La extraordinaria obra del cineasta iraní Abbas Kiarostami estuvo marcada siempre por su vínculo con el cine experimental. Además de sus obras de ficción y sus documentales, Kiarostami realizó películas que podrían llamarse experimentales. Si bien todo el cine de este director fue una reflexión acerca de la naturaleza del cine, algunas de sus películas llevaron al extremo su sus planteos sobre la imagen. Five Dedicated to Ozu (2003) o Shirin (2008) son dos ejemplos bien distintos entre sí pero que buscan desentrañar la esencia del cine y su vínculo con el espectador. Kiarostami murió en el año 2016, pero dejó una obra póstuma digna de sus inquietudes y sus planteos estéticos. 24 cuadros parte de la obra Los cazadores en la nieve de Pieter Brueghel, este cuadro pintando en 1565 muestra un paisaje invernal como los que se verán a lo largo de toda la película. Ese cuadro inicial es el prólogo, lo que viene después son imágenes tomadas por el propio Kiarostami. “Siempre me pregunto en qué medida los artistas tratan de representar la realidad de una escena. Los pintores y los fotógrafos solo capturan una imagen, pero nada de lo que sucede antes o después”. Y los veinticuatro cortos que componen la película son esos minutos previos o posteriores a las imágenes elegidas. Con efectos digitales, animación y demás trucos de post producción, el director genera cuadros en movimiento con pocos pero significativos elementos. Los sonidos de la naturaleza, interrumpidos ocasionalmente por la presencia humana y los sonidos de sus invenciones, el movimiento de un pájaro, una vaca o el océano, todo en su mínima expresión, en su forma más pura, pero también emocionante y deslumbrante. La presencia de unos patos hace recordar aquel plano fuera de serie de Five aunque aquí no se llegue nunca a ese punto tan alto de euforia cinematográfica. La película es de una enorme belleza y su naturaleza experimental le puede quitar orden pero a la vez la vuelve inagotable. Sus imágenes pueden verse para siempre. Es una emoción extra saber que es el último nuevo film de Kiarostami que tendremos. Su genialidad, su lucha contra las limitaciones que marcaba el filmar en un país de censura y persecución, su talento para pensar el cine, todo eso quedará por siempre en una obra que ya marcó la historia del cine.

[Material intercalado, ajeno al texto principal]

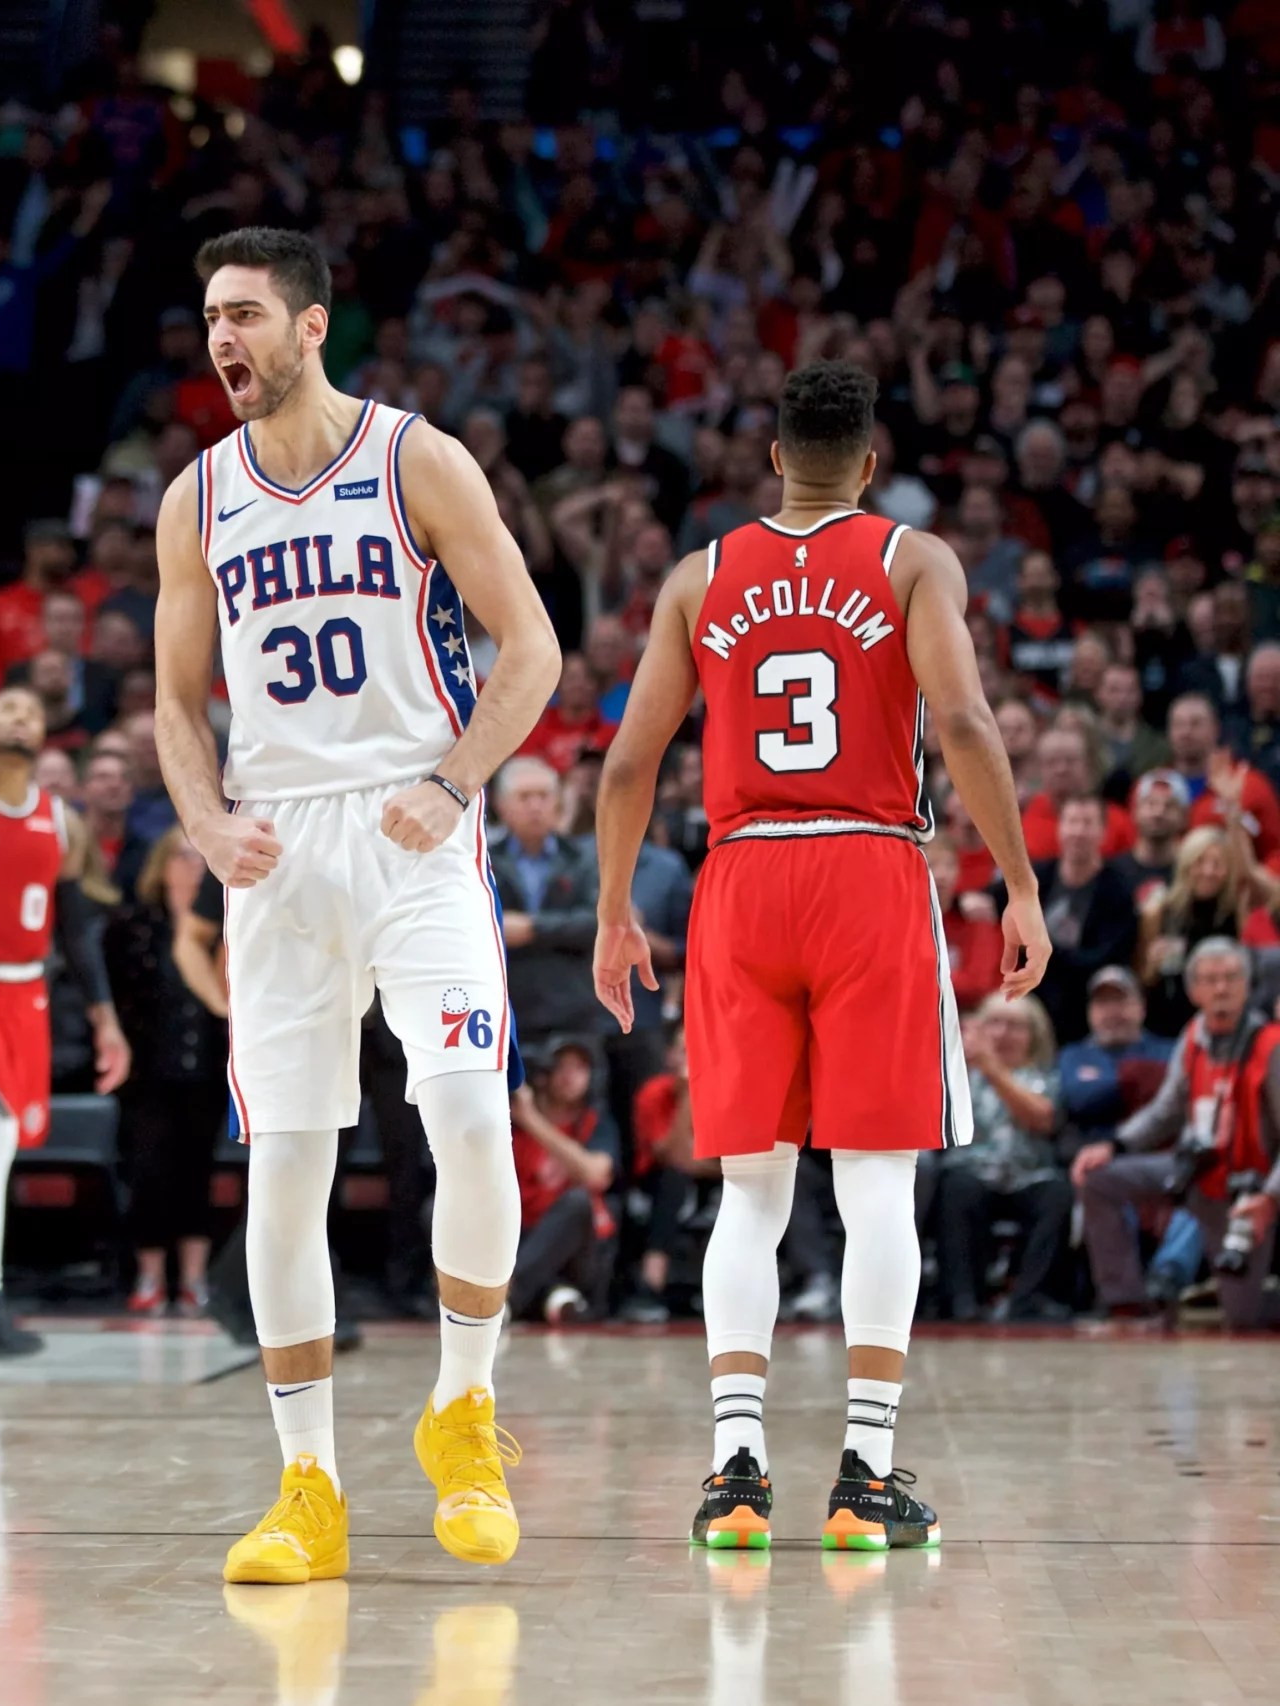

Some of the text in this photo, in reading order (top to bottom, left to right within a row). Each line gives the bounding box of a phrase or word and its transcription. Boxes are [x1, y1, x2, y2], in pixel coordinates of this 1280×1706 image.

Son 24 cuadros animados, cada uno dura 4 minutos y medio. Esa es la descripción y eso es lo que hay. Aunque “lo que hay” es mucho más: es una reflexión sobre el tiempo y el movimiento, es un experimento con la animación y la imagen real, es un juego con la luz y el sonido. Es, sobre todo, la búsqueda de la belleza (y del sentido, que en este caso son lo mismo) en lo que vemos y trata de responder por qué elegimos guardar ciertas imágenes. Es el film final de Kiarostami, una elegía propia sin melancolía y con la felicidad de hacer lo que uno quiere.

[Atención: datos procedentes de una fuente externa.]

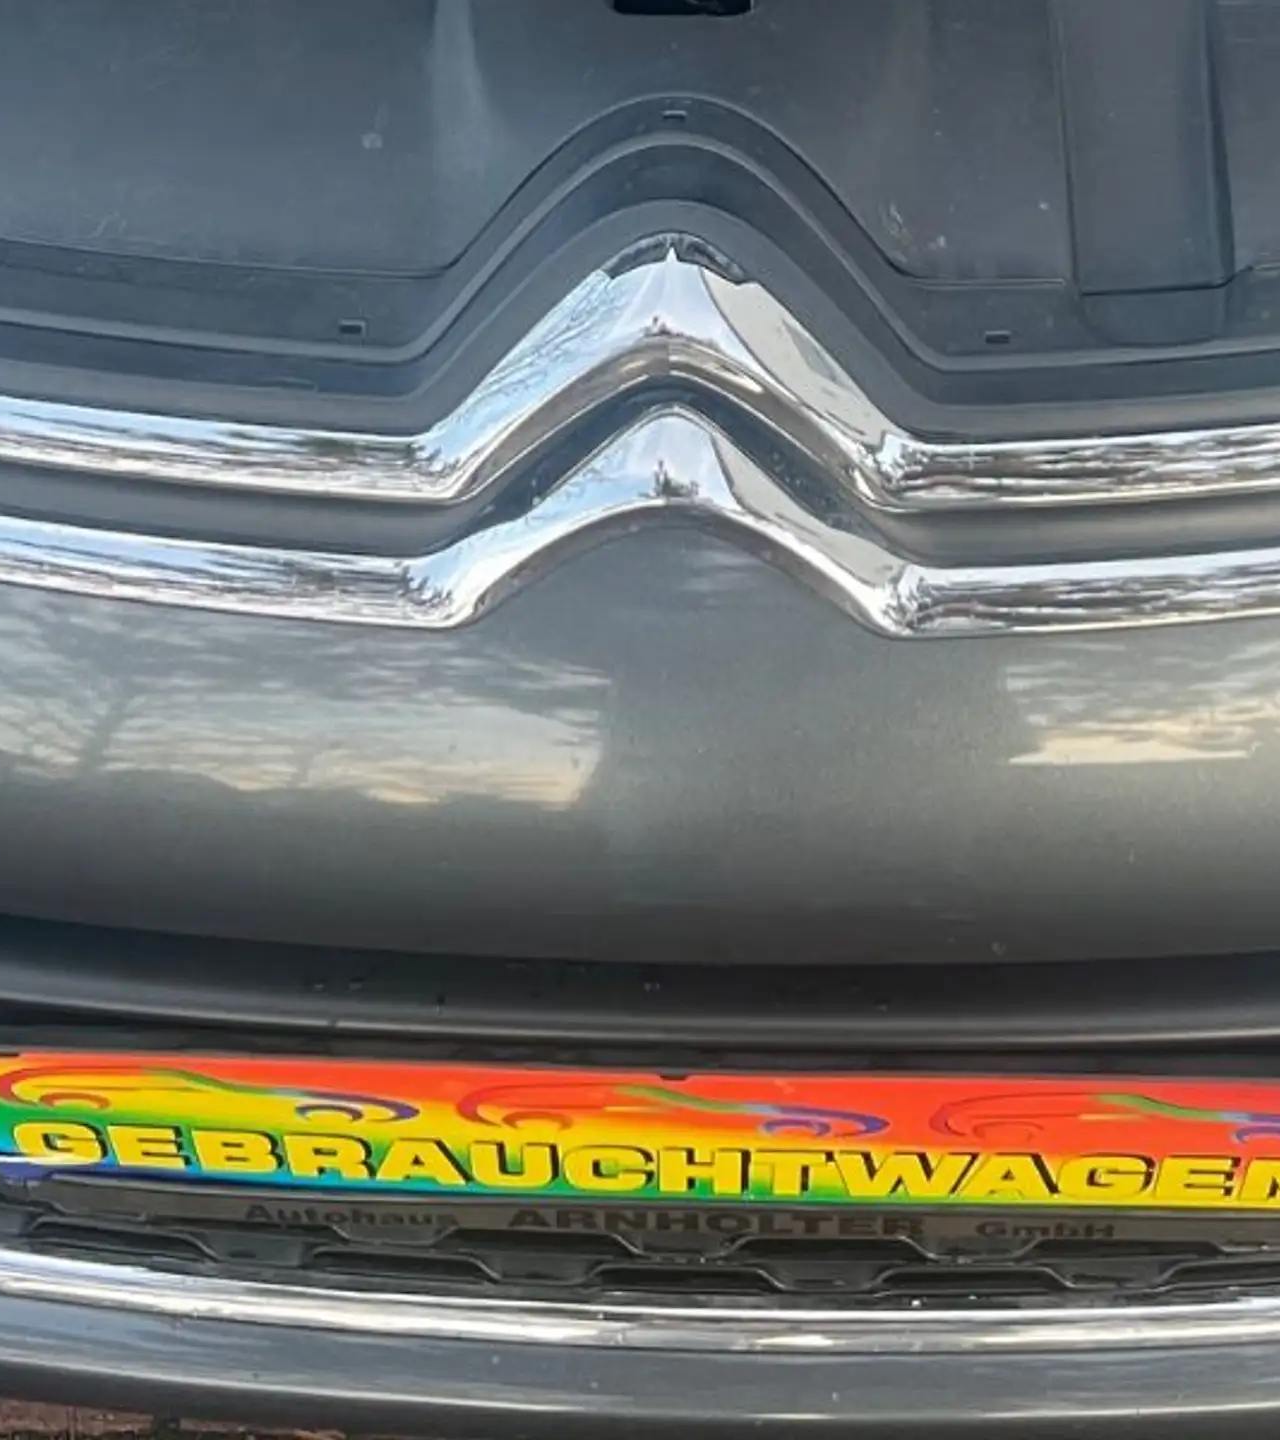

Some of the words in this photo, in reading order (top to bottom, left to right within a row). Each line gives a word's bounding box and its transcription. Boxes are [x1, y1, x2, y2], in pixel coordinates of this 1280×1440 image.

[243, 1203, 460, 1229] Autohaus
[507, 1208, 926, 1237] ARNHOLTER
[975, 1220, 1116, 1240] GmbH

La película póstuma del director iraní Abbas Kiarostami, 24 cuadros, es un ejercicio experimental y poético, una especie de ensayo audiovisual que funciona como despedida mientras se pregunta cómo el cine y la fotografía pueden plasmar la realidad. La despedida de Kiarostami es una experimentación poética a través de las imágenes y los sonidos. Mediante 24 imágenes, animadas digitalmente de manera evidente y sutil al mismo tiempo, desde un cuadro pictórico a planos en la nieve o cielos abiertos, hasta un plano final precioso con el cine como, literalmente, principal protagonista. Fotografías seleccionadas y tomadas por Kiarostami (a excepción del cuadro de Bruegel con el que empieza) que presenta cada una con su número sobre una placa negra. Planos estáticos de menos de cinco minutos cada uno que pueden narrar alguna breve historia, sin embargo la película en su totalidad apunta primordialmente a lo sensorial. Las imágenes son algunas musicalizadas, en diferentes idiomas, y hasta con Andrew Lloyd Webber y Katherine Jenkins cantando que el amor nunca muere, y lo cierto es que la idea de inmortalidad o eternidad (o del tiempo, ese concepto tan complejo) está sin dudas grabada en el hecho de que sea esta la película final del director de El sabor de las cerezas, Copia certificada y Like someone in love. 24 cuadros es la mejor combinación de las muchas facetas del director y guionista que además supo ser poeta, fotógrafo, pintor, ilustrador y diseñador gráfico. Acá se permite jugar con las texturas, los sonidos, los elementos repetidos, el color y el blanco y negro. 24 cuadros de unos cuatro minutos aproximadamente cada uno en los que el realizador se imagina qué pasa antes y después de ese instante inmortalizado. Estamos entonces ante una película que requiere a un espectador paciente e interesado. De así ser será recompensado, no sólo por el hermoso plano final sino por la película en su conjunto.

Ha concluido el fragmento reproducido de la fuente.